Fun product! Thanks!
Sorry, the step 6 is an error, ignore it, please.
Attached is the .duf of a smoke scene similar to the one in the Promo image (the burning cigar). There are two meshers, you can enable one of them (or both, if you prefer). One will show smoke as particles, the other one as fluid mesh. Se the same Baked files folder to the Fluidos Domain and the meshers.
If you have any doubts, let me see please.
Thanks to you!
This helps a lot Alvin, thanks. I need to:
1) Extend the animation to 2 seconds (done)
2) Reduce the velocity (played with Velocity (y) but it's not having any noticeable effect - whether it's 50, 100 or 1 I can't see any difference, will try reducing temperature next)
3) Reduce the size of the source so I get a amaller point of emission
4) Last, figure out how to integrate this into my scene. I'm assuming I can merge the Fluidos scene into my existing scene, combine the Fluidos objects into one group, move the group to the needed x,y,z position, run simulation, and render?
Thanks
Alvin,
Reducing the vertical rise velocity is proving a challenge. Temperature seems to affect it but not in always predictable ways. Smoke rising much too rapidly still.
I can reduce the emission source size using Radius, but if I adjust much below 3 (cm?) there is no smoke emitted at all.
Yes, it's correct.
Using the Beta bouyancy factor (At Smoke and fire properties of the Fluidos Domain) is an easier form to control the raising velocity. The default value is 1.0, if you reduce it, the raising velocity will decrease too.
You have to reduce the cell size a little below the Radius. However, the lower the cell size, the slower the simulation.
Another option is to change the Geometry type of the Source to Cuboid, this type allows smaller sizes of the source without reducing the celll size of the Domain
Okay thanks! Is there anything else that will affect the rise speed as well - is there any relationship with Velocity (y) for example? I haven't fully explored it yet but so far reducing Beta Buoyancy reaches a point where much of the smoke falls below the source, similar to reducing temperature. Having a hard time reaching any kind of sweet spot.

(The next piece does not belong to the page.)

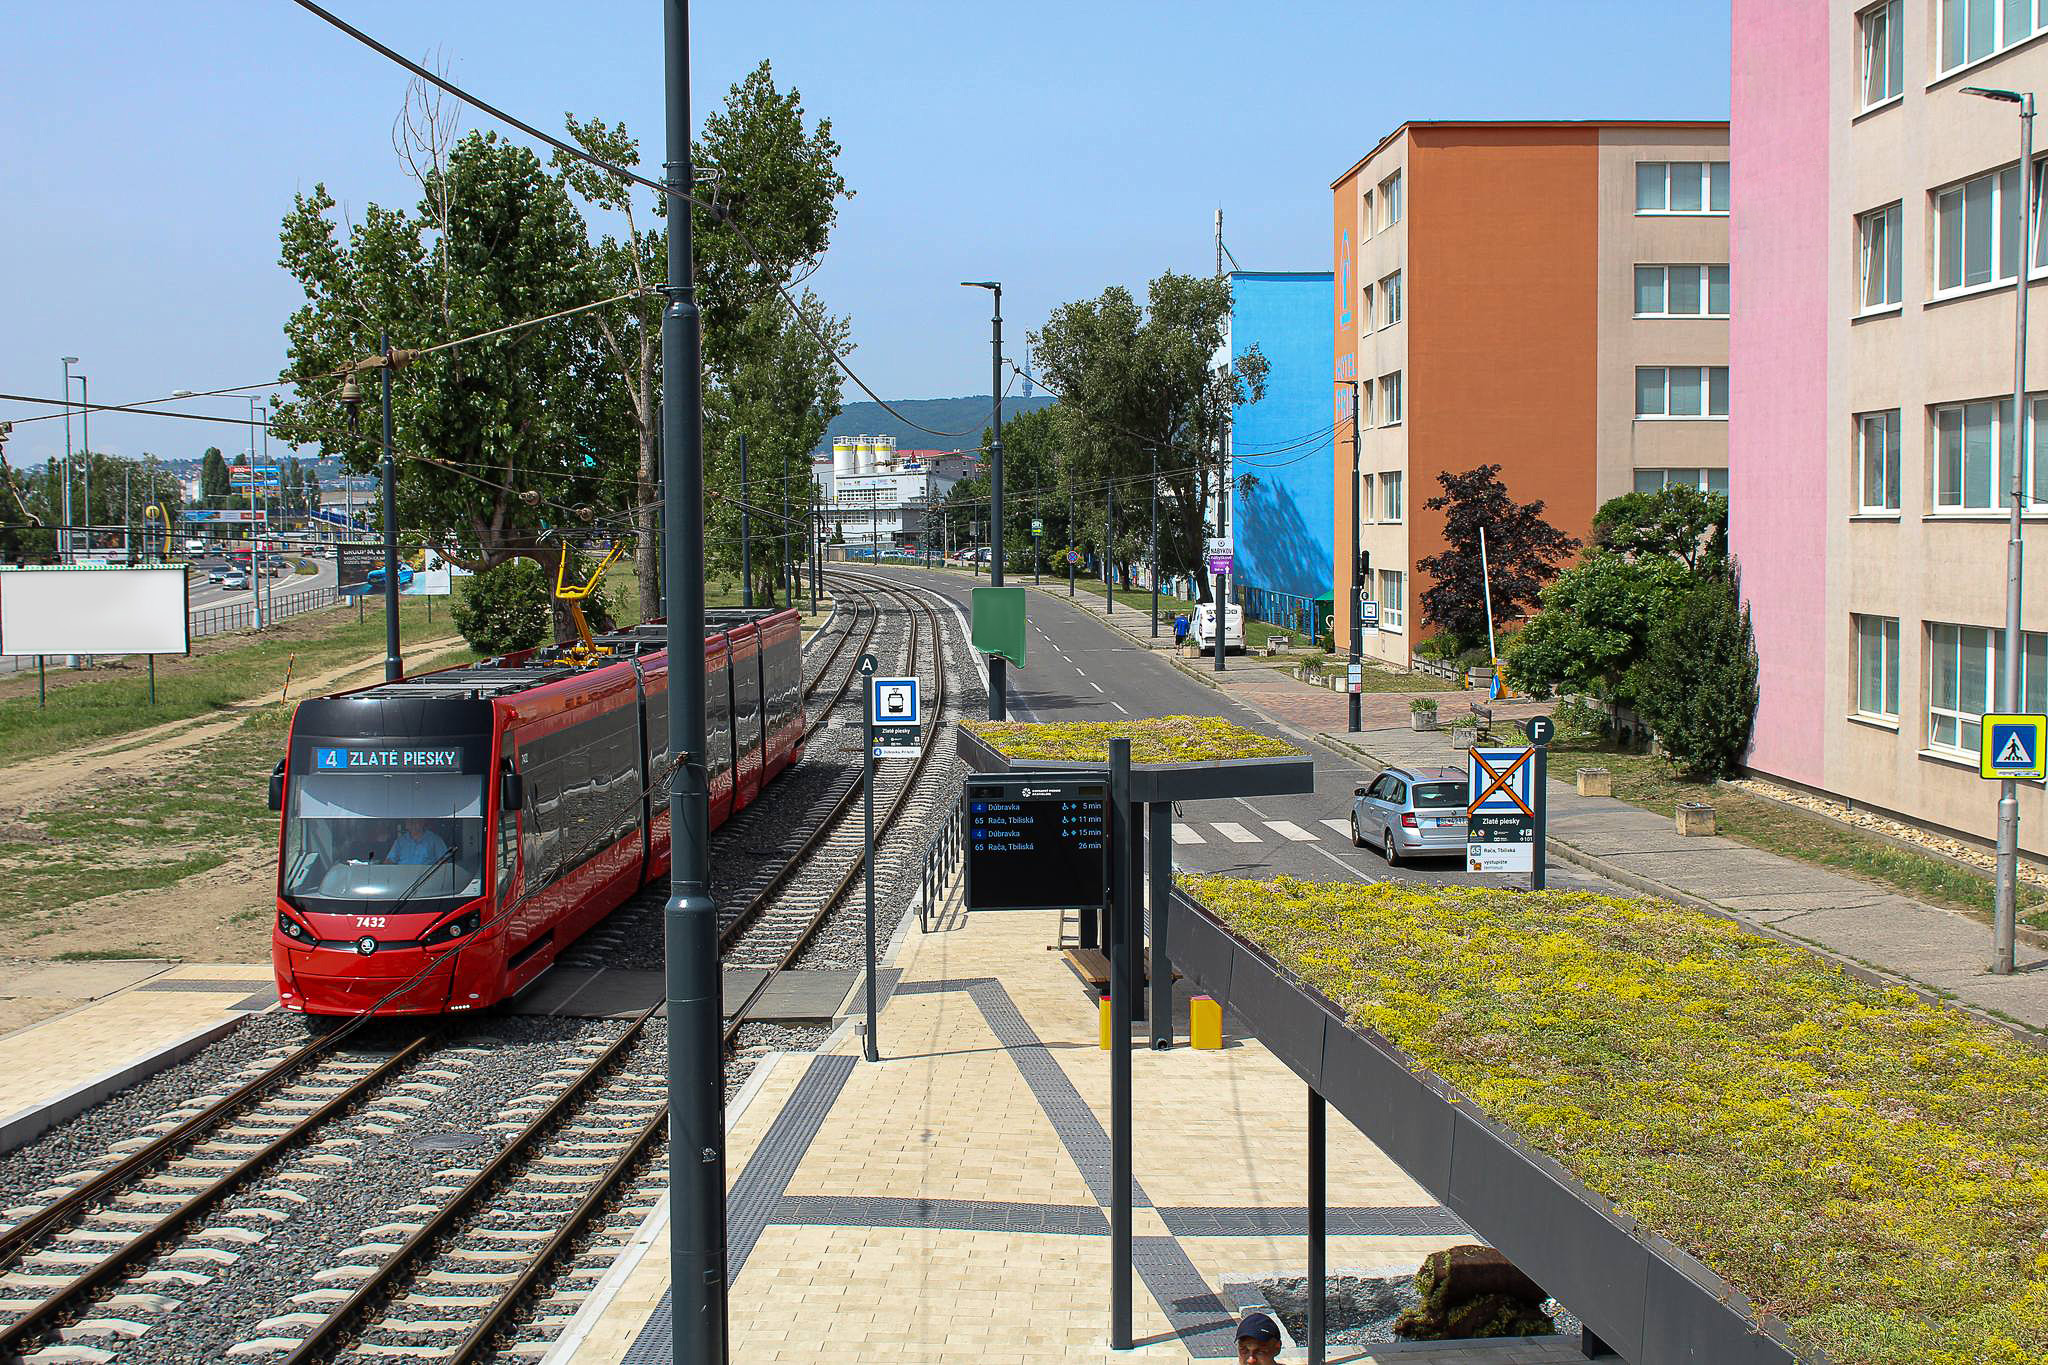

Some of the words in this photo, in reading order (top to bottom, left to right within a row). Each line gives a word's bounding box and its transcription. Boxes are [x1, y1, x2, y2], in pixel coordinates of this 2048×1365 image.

Hmm, never occurred to me before, but I just took the timeline of the simulation and increased it from 60 frames to 120. Then I dragged the "100% completion" key at frame 60 to new frame 120. Instant half-speed animation. So it seems that all I really need to do to adjust the simulation speed is fiddle with the completion key at the end of the timeline; either what frame it is placed at, or the percentage value, or both. Simple.